* [Problem to work on]: Please write out, exactly as they appear, the line containing "Some of the text" and every line after it to the end of the records, and nothing more.

Task data START

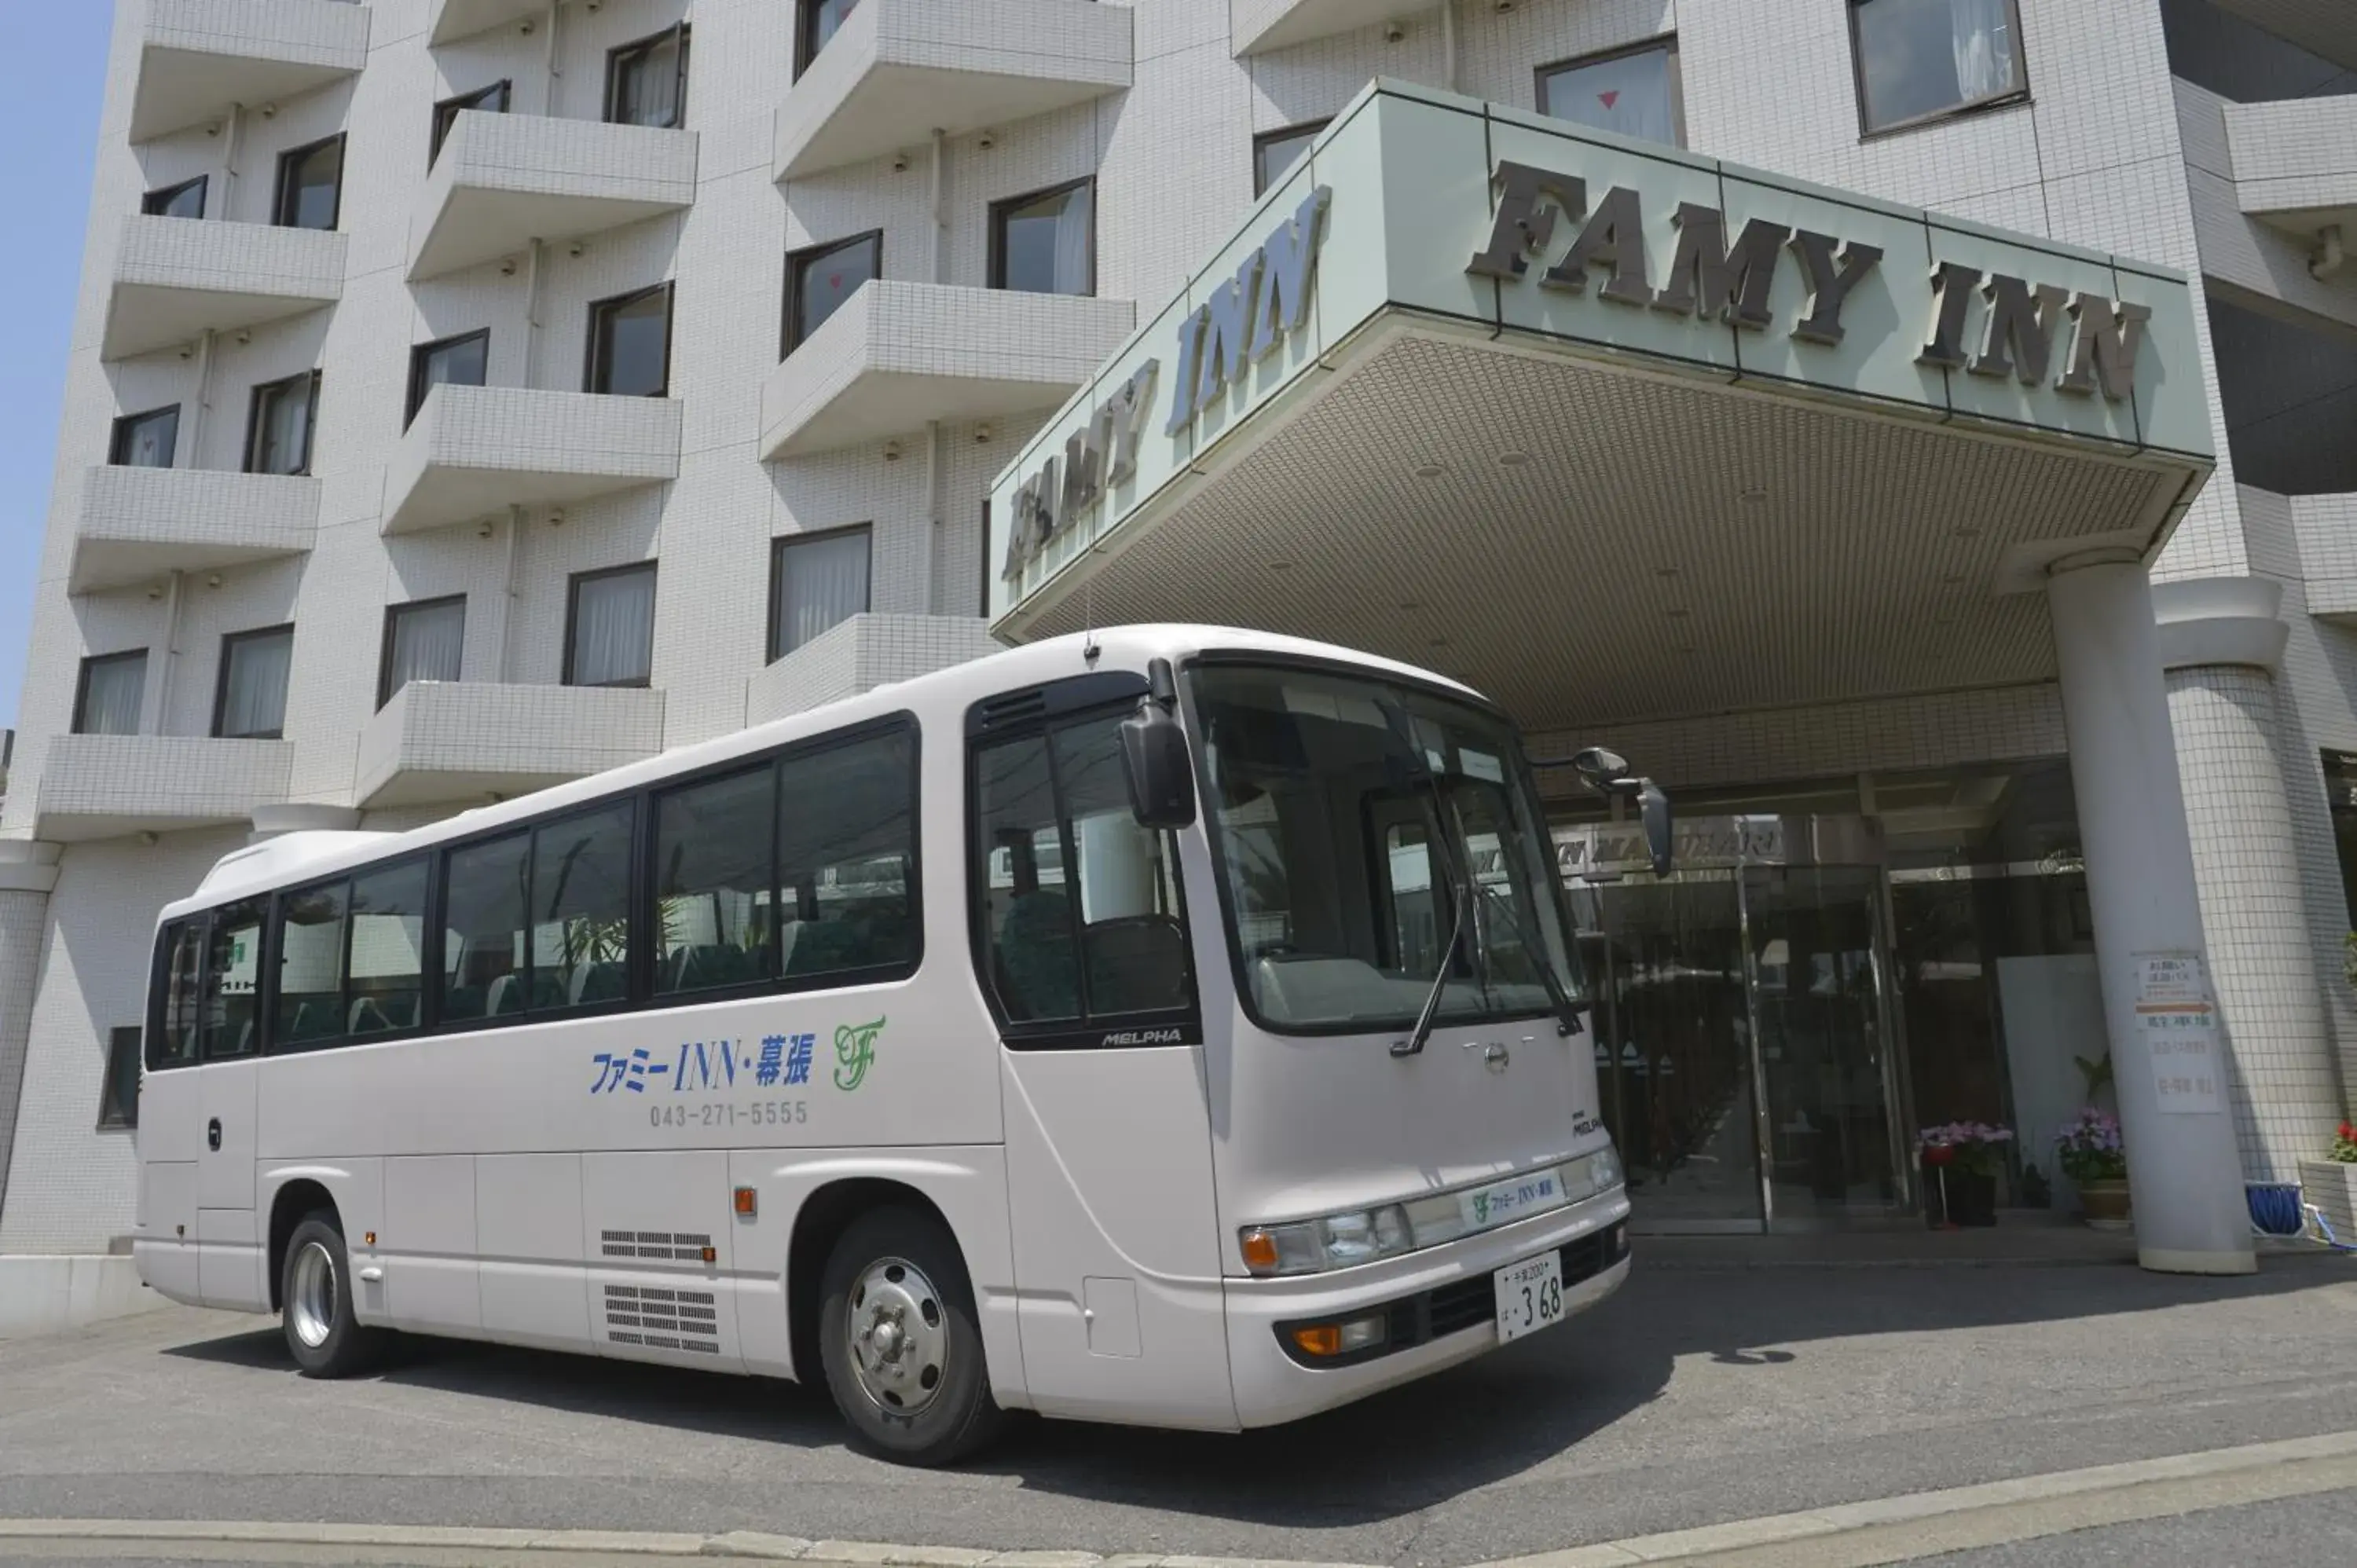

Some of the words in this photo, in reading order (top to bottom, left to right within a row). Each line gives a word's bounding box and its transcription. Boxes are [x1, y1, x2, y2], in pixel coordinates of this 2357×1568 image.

[1468, 159, 1883, 346] FAMY
[1915, 260, 2151, 402] INN
[1002, 358, 1158, 581] FAMY
[1165, 185, 1332, 438] INN
[1102, 1028, 1182, 1046] MELPHA
[651, 1101, 808, 1127] 043-271-5555
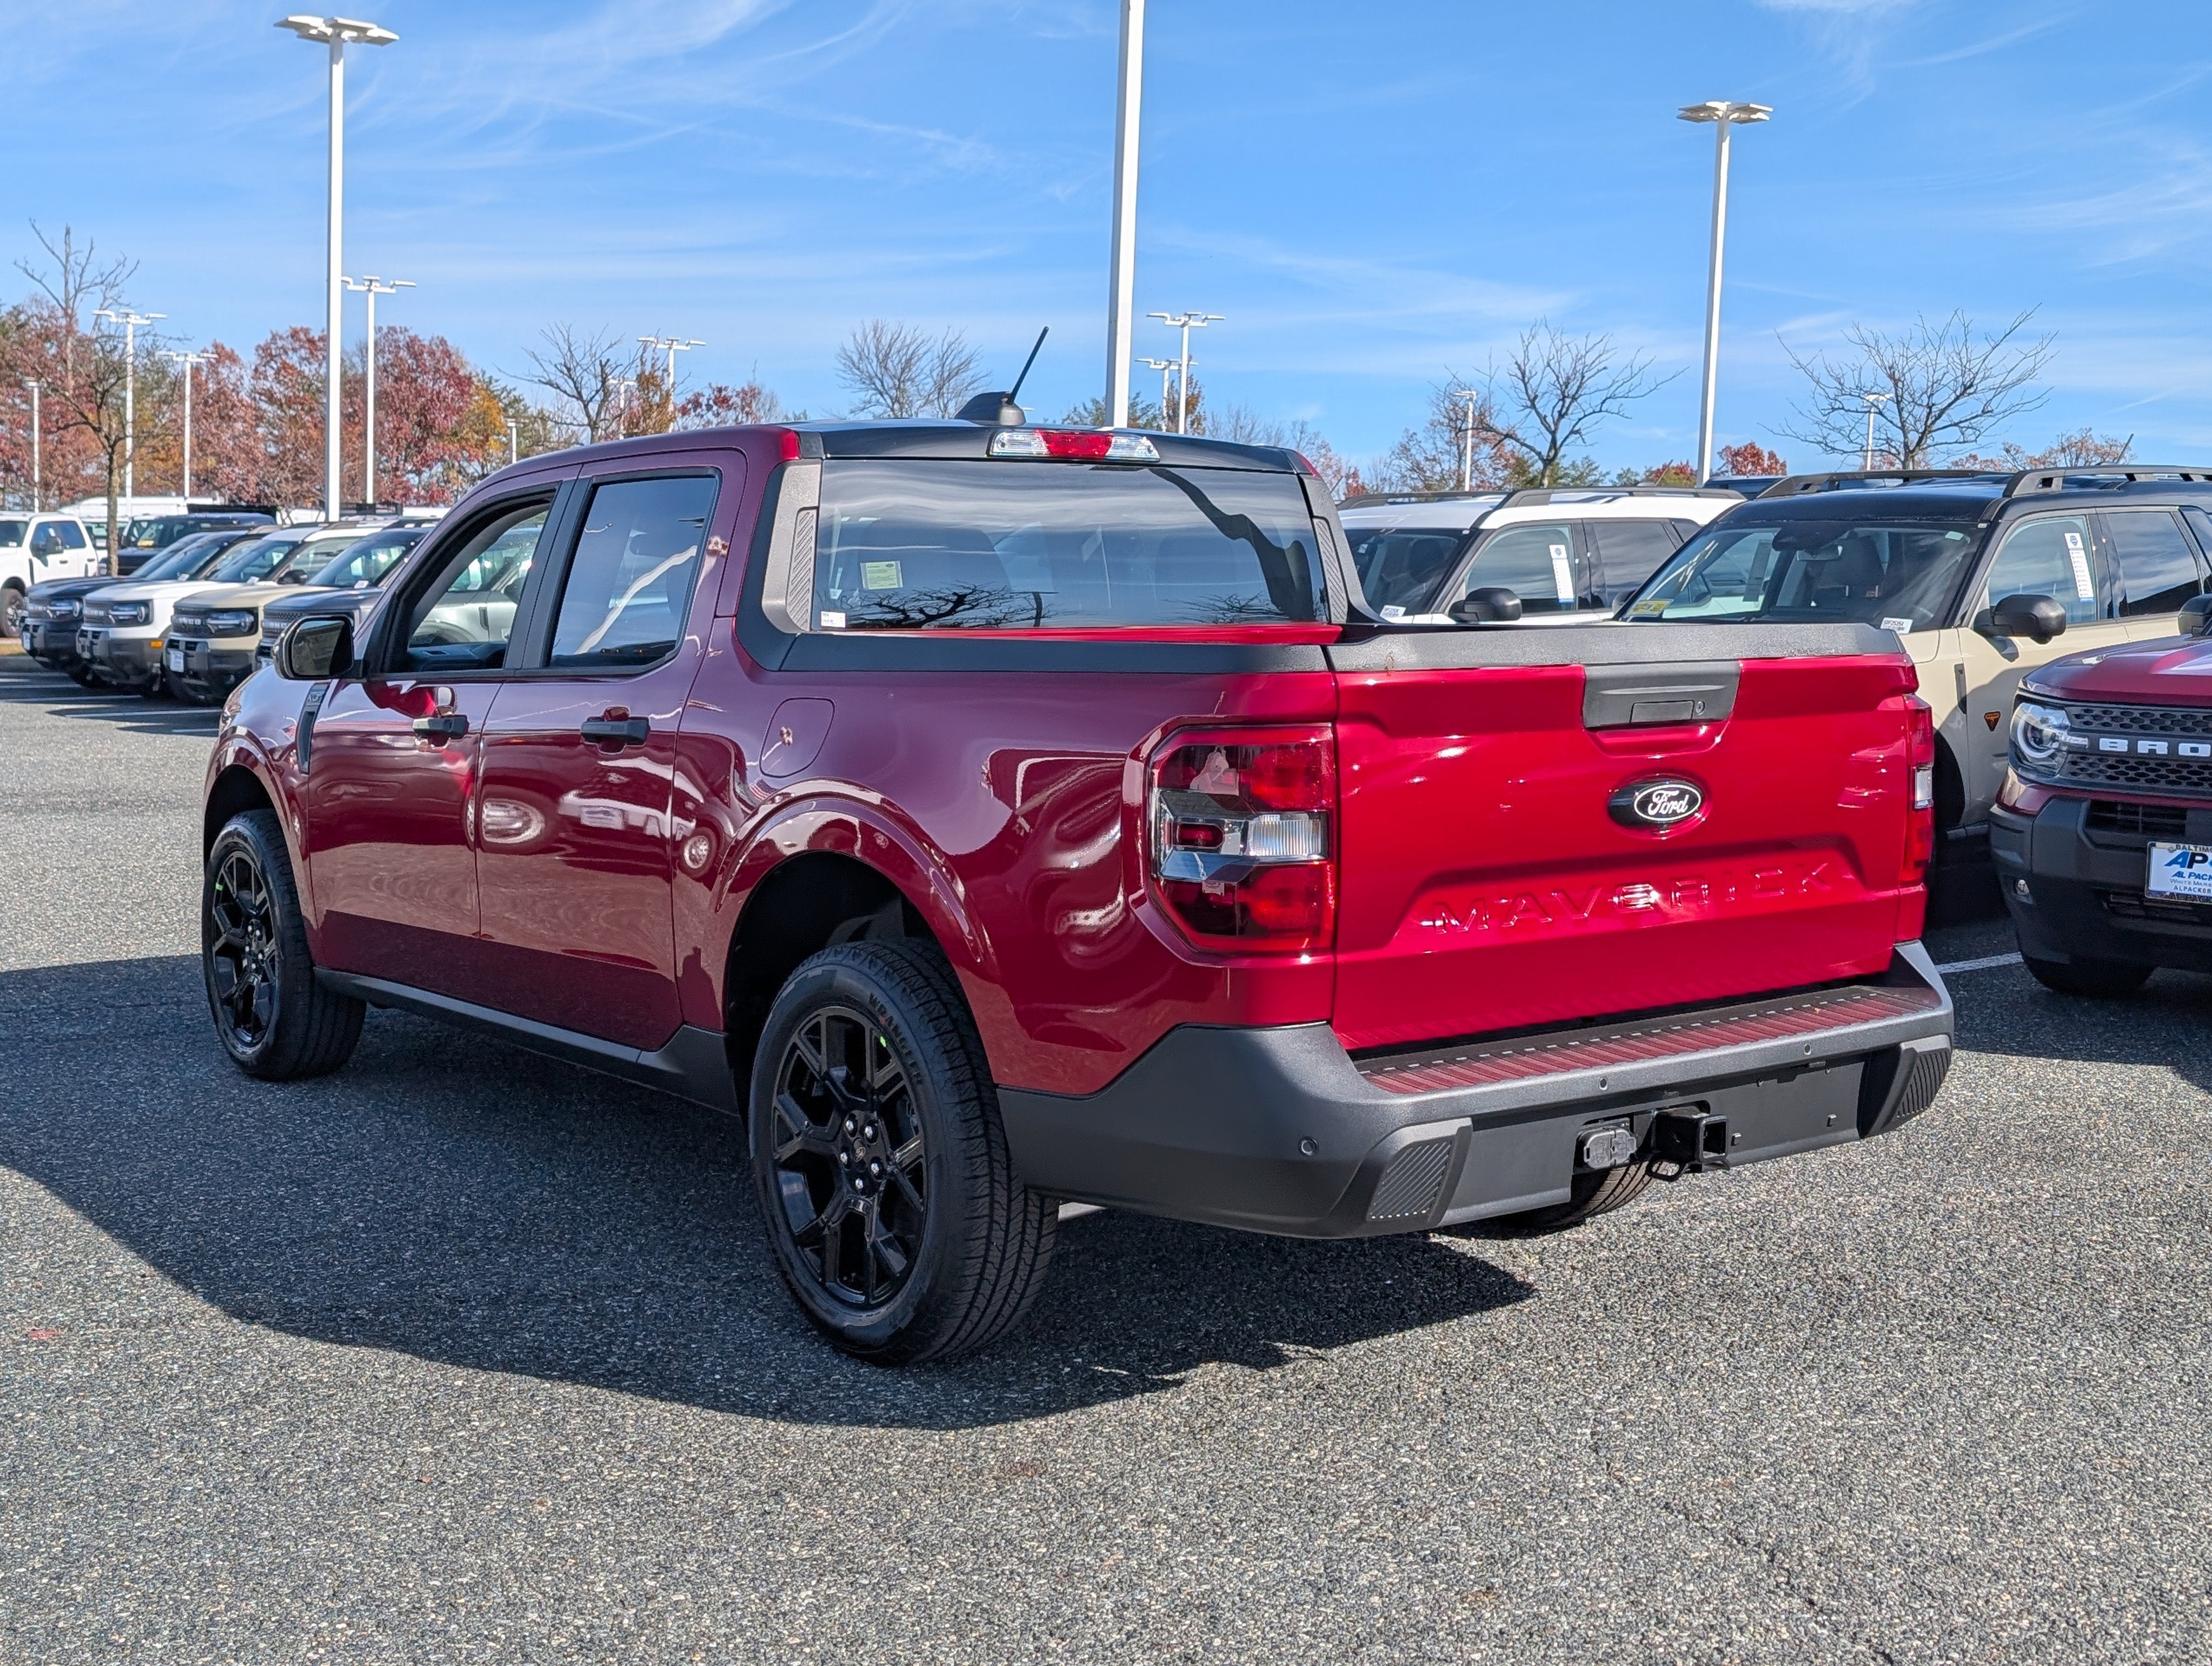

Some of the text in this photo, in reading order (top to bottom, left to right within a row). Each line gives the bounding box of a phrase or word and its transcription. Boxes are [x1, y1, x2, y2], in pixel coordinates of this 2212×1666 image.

[1648, 790, 1689, 815] Ford
[1433, 863, 1832, 934] MAVERICK
[869, 992, 923, 1085] WRANGLER

Task data END

* [Response]:
Some of the text in this photo, in reading order (top to bottom, left to right within a row). Each line gives the bounding box of a phrase or word and its transcription. Boxes are [x1, y1, x2, y2], in pixel coordinates of this 2212×1666 image.

[1648, 790, 1689, 815] Ford
[1433, 863, 1832, 934] MAVERICK
[869, 992, 923, 1085] WRANGLER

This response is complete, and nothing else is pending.